WORK TO BE COMPLETED: Return the listing in full. Keep every word as it stands.

Segment Start: DATA FOR THIS EXERCISE

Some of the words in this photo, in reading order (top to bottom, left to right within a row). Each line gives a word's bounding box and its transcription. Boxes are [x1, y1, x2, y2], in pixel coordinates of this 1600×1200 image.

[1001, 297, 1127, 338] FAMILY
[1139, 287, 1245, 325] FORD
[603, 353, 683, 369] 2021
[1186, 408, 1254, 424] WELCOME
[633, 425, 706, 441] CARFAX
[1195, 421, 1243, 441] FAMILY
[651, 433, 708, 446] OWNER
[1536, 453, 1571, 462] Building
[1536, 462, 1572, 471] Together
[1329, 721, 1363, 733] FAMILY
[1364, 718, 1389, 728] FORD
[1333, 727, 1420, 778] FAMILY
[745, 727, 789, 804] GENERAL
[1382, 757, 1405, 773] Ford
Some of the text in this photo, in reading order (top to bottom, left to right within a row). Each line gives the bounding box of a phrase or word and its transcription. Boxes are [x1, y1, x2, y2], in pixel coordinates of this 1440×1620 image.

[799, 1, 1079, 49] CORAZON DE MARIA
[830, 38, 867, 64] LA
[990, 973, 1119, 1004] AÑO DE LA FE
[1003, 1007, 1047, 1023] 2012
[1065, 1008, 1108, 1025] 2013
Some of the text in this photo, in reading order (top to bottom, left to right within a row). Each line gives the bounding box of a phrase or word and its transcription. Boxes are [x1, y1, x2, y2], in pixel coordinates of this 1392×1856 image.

Segment End: DATA FOR THIS EXERCISE

REPLY TO THE TASK:
Some of the words in this photo, in reading order (top to bottom, left to right within a row). Each line gives a word's bounding box and its transcription. Boxes are [x1, y1, x2, y2], in pixel coordinates of this 1600×1200 image.

[1001, 297, 1127, 338] FAMILY
[1139, 287, 1245, 325] FORD
[603, 353, 683, 369] 2021
[1186, 408, 1254, 424] WELCOME
[633, 425, 706, 441] CARFAX
[1195, 421, 1243, 441] FAMILY
[651, 433, 708, 446] OWNER
[1536, 453, 1571, 462] Building
[1536, 462, 1572, 471] Together
[1329, 721, 1363, 733] FAMILY
[1364, 718, 1389, 728] FORD
[1333, 727, 1420, 778] FAMILY
[745, 727, 789, 804] GENERAL
[1382, 757, 1405, 773] Ford
Some of the text in this photo, in reading order (top to bottom, left to right within a row). Each line gives the bounding box of a phrase or word and its transcription. Boxes are [x1, y1, x2, y2], in pixel coordinates of this 1440×1620 image.

[799, 1, 1079, 49] CORAZON DE MARIA
[830, 38, 867, 64] LA
[990, 973, 1119, 1004] AÑO DE LA FE
[1003, 1007, 1047, 1023] 2012
[1065, 1008, 1108, 1025] 2013
Some of the text in this photo, in reading order (top to bottom, left to right within a row). Each line gives the bounding box of a phrase or word and its transcription. Boxes are [x1, y1, x2, y2], in pixel coordinates of this 1392×1856 image.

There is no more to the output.